Ощущение тошноты усиливалось. Вот как Зак отплатил за мое доверие – представил своему гнусному агенту подробный отчет о наших кувырканиях. Типичный мужчина: сделано – сказано. Я сама виновата. Как можно было думать, что у этого парня есть мозги? Мозги рок-звезды – это то, чем он думает, что умеет думать.

– Давай разберемся раз и навсегда. Ты хочешь сказать, что я спала с твоим талончиком на обед? – рявкнула я, выплескивая все накопившееся негодование.

– О, да ты читашь маи мысли. Какая умная цыпа!

Я с презрением оглядела его и зашагала вперед, надеясь затеряться среди толпы полицейских, проституток и сумасшедших водителей, стоявших вдоль стен и нервно зубривших свои лживые монологи, которые они вот-вот должны были пролепетать на свидетельском месте. Стремительно влетела в зал судебных заседаний номер один. К моему негодованию, Роттерман, преследовавший меня, попросил сидящего рядом мужчину подвинуться и втиснулся в освободившееся кожаное кресло.
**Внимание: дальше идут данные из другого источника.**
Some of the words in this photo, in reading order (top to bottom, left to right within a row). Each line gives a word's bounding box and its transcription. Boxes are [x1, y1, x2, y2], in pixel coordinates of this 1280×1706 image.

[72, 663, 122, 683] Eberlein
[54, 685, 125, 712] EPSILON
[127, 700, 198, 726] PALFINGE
– У нас в муз'кальном мире есть пагаворка, – растягивая слова, нашептывал он. – Понравилась конфетка – угости друга. – Губы его стали клейкими и липкими. – Общие радости – общие сладости, как говорится. Или убить двух зайцев одной палкой.

Его вульгарный хохот был прерван жестким призывом судебного пристава: «Встать! Суд идет!»
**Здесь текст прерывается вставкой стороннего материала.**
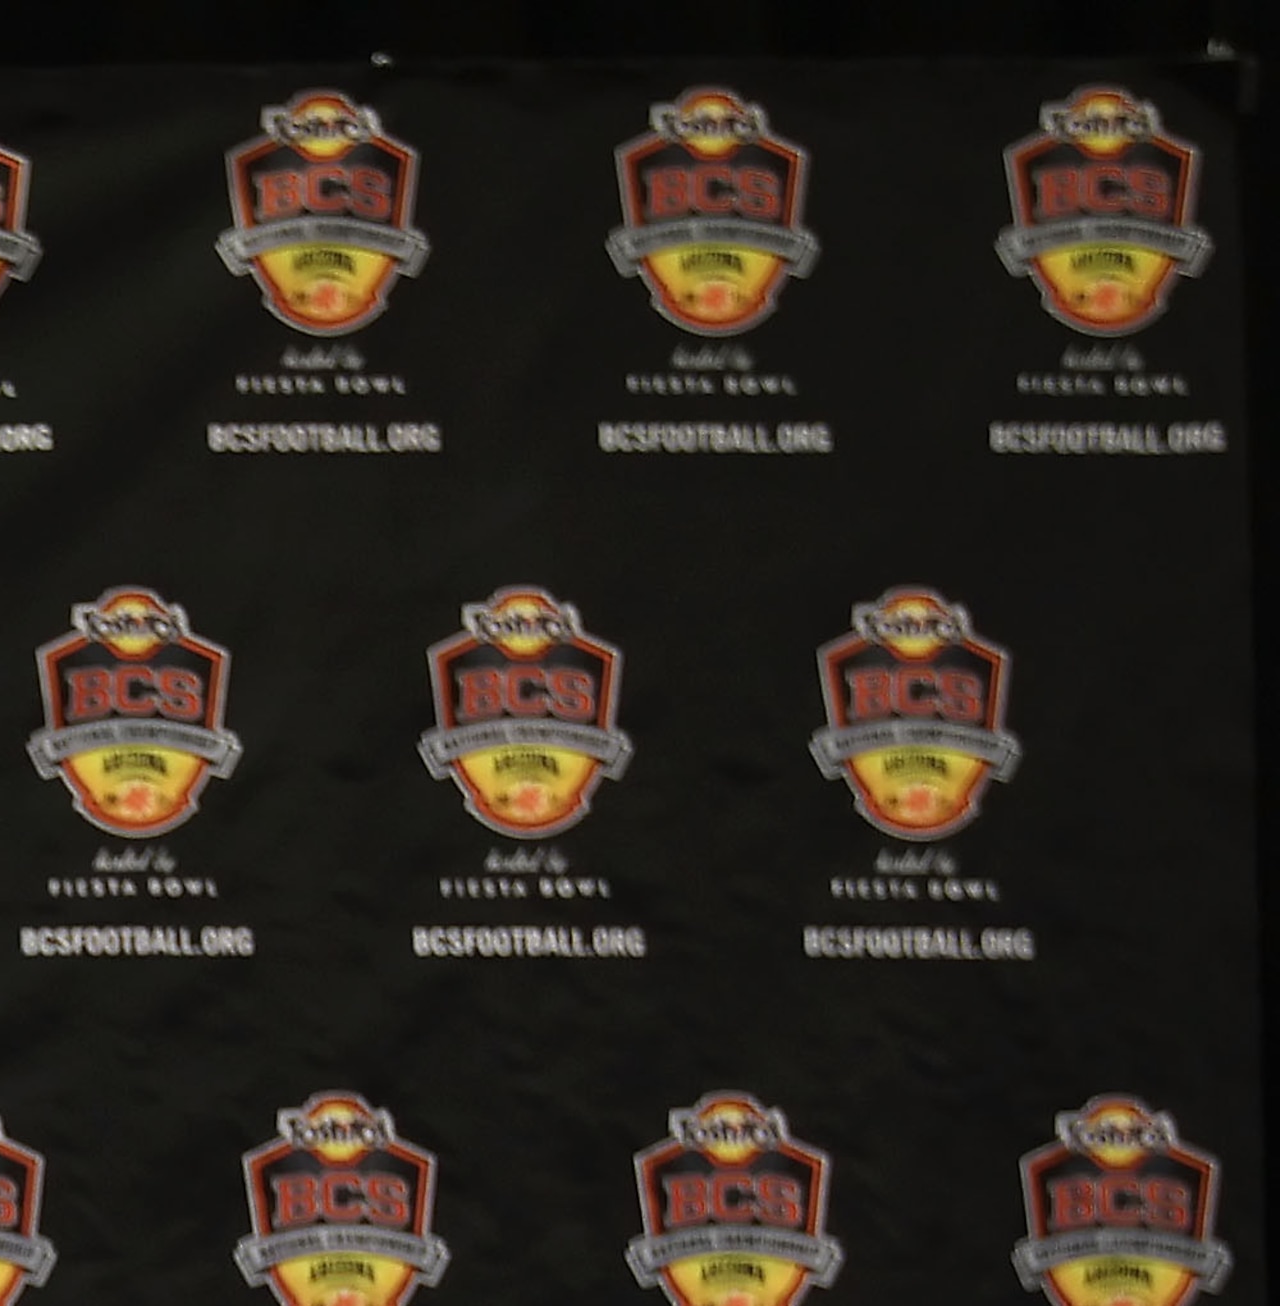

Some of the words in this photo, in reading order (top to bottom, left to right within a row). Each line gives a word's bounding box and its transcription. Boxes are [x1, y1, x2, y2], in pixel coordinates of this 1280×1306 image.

[258, 162, 392, 219] BCS
[207, 422, 442, 453] BCSFOOTBALL.ORG
[69, 663, 204, 720] BCS
[460, 663, 596, 720] BCS
[850, 665, 983, 722] BCS
[19, 925, 256, 957] BCSFOOTBALL.ORG
[411, 925, 647, 958] BCSFOOTBALL.ORG
[803, 925, 1035, 960] BCSFOOTBALL.ORG
[275, 1171, 411, 1228] BCS
[667, 1170, 804, 1227] BCS
Три судьи проковыляли по залу суда, словно приходя в себя после третьей операции на сердце. Далее последовал ритуальный обмен любезностями с адвокатами, и оппонентка Джулиана, внешне напоминающая американскую прокуроршу Марту Кларк и чеканящая гласные, как молодая Маргарет Тэтчер, начала отчитывать старых хрычей на скамье, словно упрямых нашкодивших школьников.
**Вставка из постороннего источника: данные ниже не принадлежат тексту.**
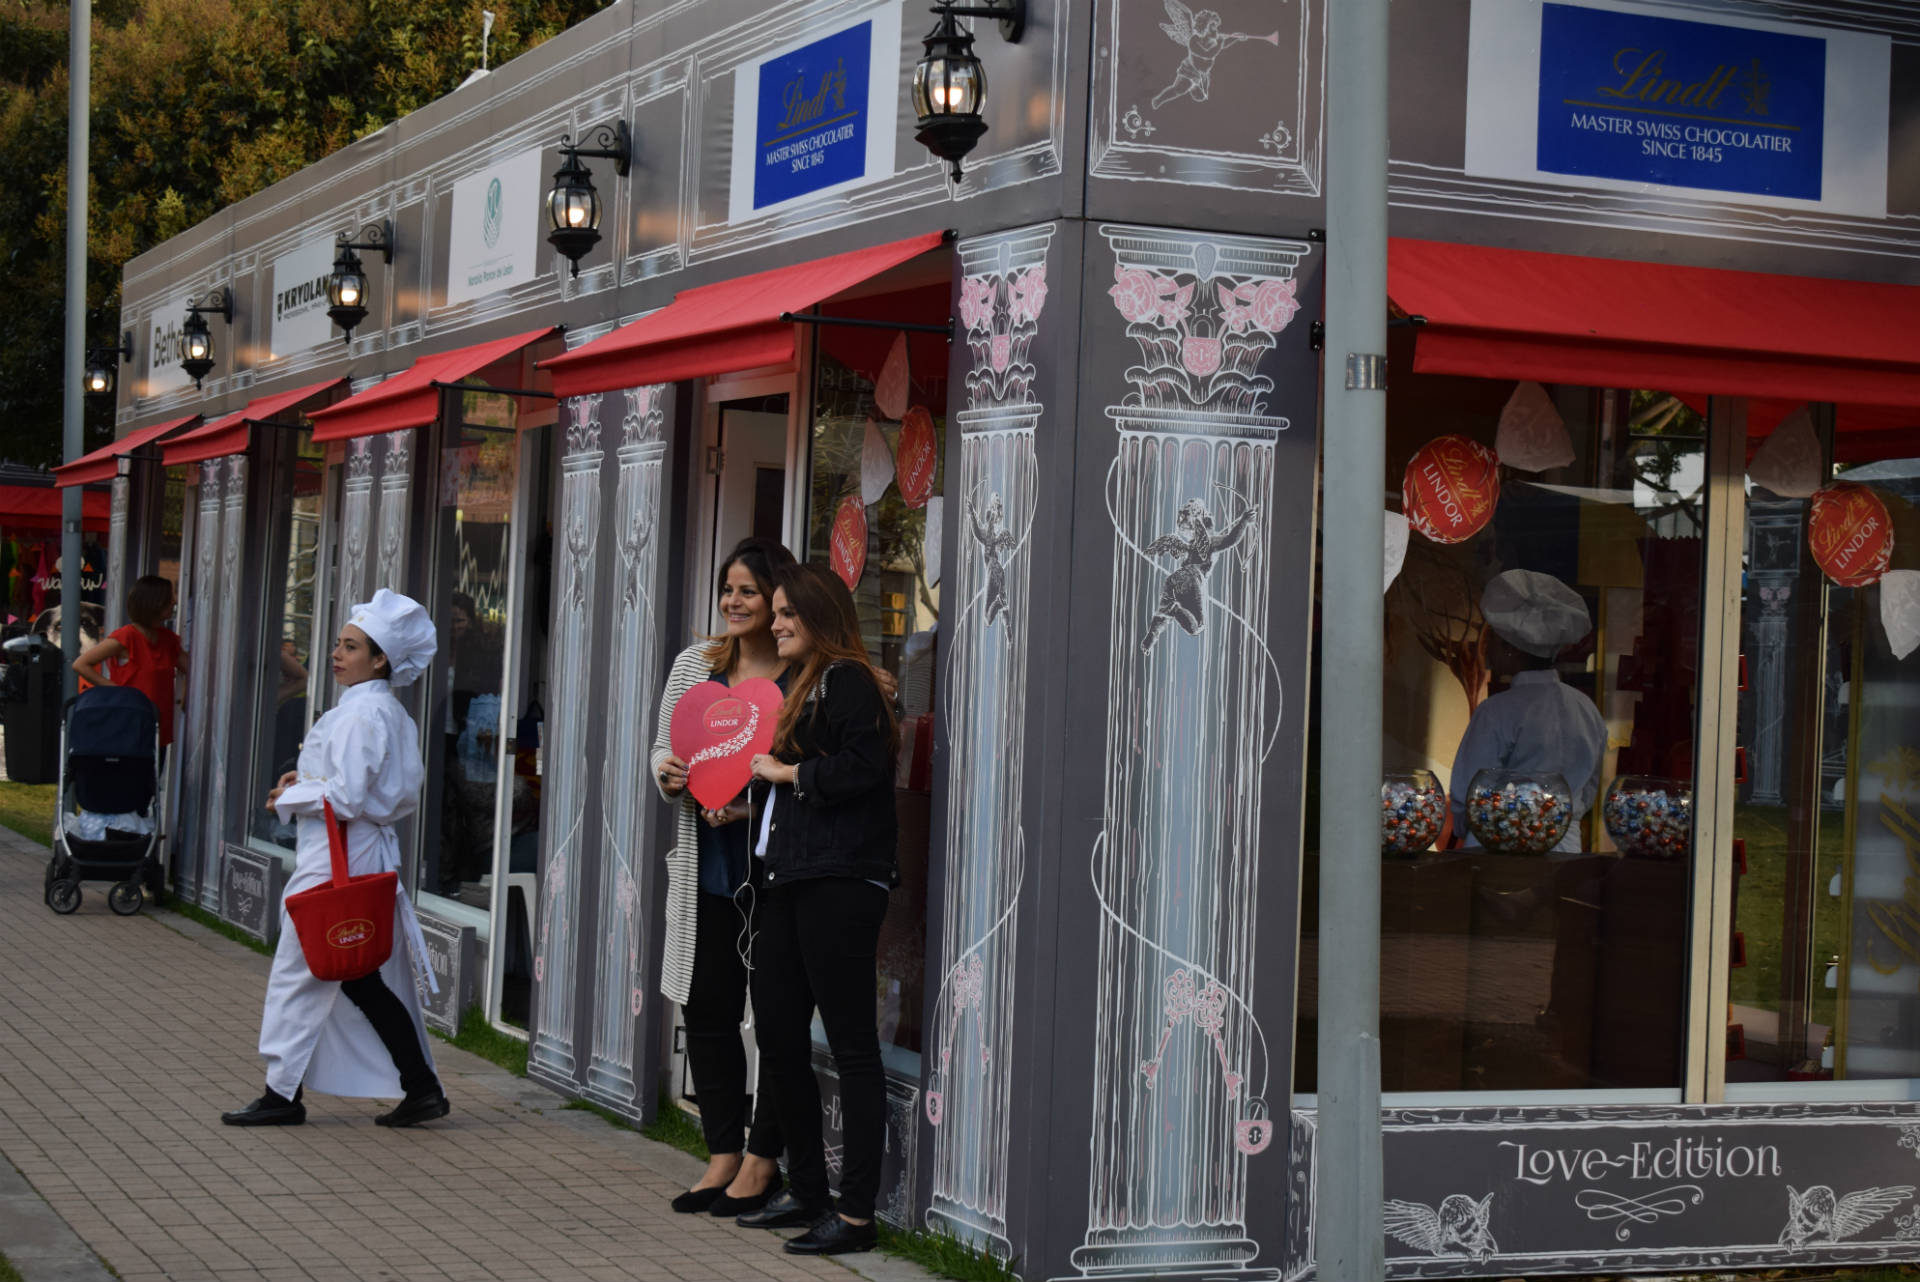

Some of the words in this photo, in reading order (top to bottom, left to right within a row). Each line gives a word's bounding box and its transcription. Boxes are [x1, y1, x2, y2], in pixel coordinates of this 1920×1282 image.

[1596, 47, 1738, 110] Lindt
[776, 72, 833, 130] Lindt
[766, 146, 790, 166] MASTER
[790, 138, 808, 159] SWISS
[808, 123, 854, 151] CHOCOLATIER
[1571, 112, 1633, 135] MASTER
[1636, 120, 1681, 141] SWISS
[1684, 126, 1792, 153] CHOCOLATIER
[1641, 139, 1687, 159] SINCE
[1691, 145, 1722, 163] 1845
[791, 154, 810, 173] SINCE
[811, 150, 825, 167] 1845
[1422, 463, 1463, 528] LINDOR
[1834, 516, 1880, 569] LINDOR
[711, 718, 738, 728] LINDOR
– Это одно из самых отвратительных судебных дел, и я призываю вас вынести самый строгий приговор об уничтожении изъятых полицией двадцати пяти тысяч копий компакт-дисков в соответствии с разделом три «Закона о непристойном поведении на публике». Альбом называется, прошу меня извинить, «На хуй копов».

Она произнесла эти слова с оргастическим удовольствием – вот апогей ее карьеры, день, когда она выругалась матом в зале суда. В течение следующего часа оппонентка тараторила, как швейная машинка, строча и сшивая слова, одновременно зашивая Закери задницу.

Присяжные вытянули свои хоботки, и казалось, едва ли могли возражать.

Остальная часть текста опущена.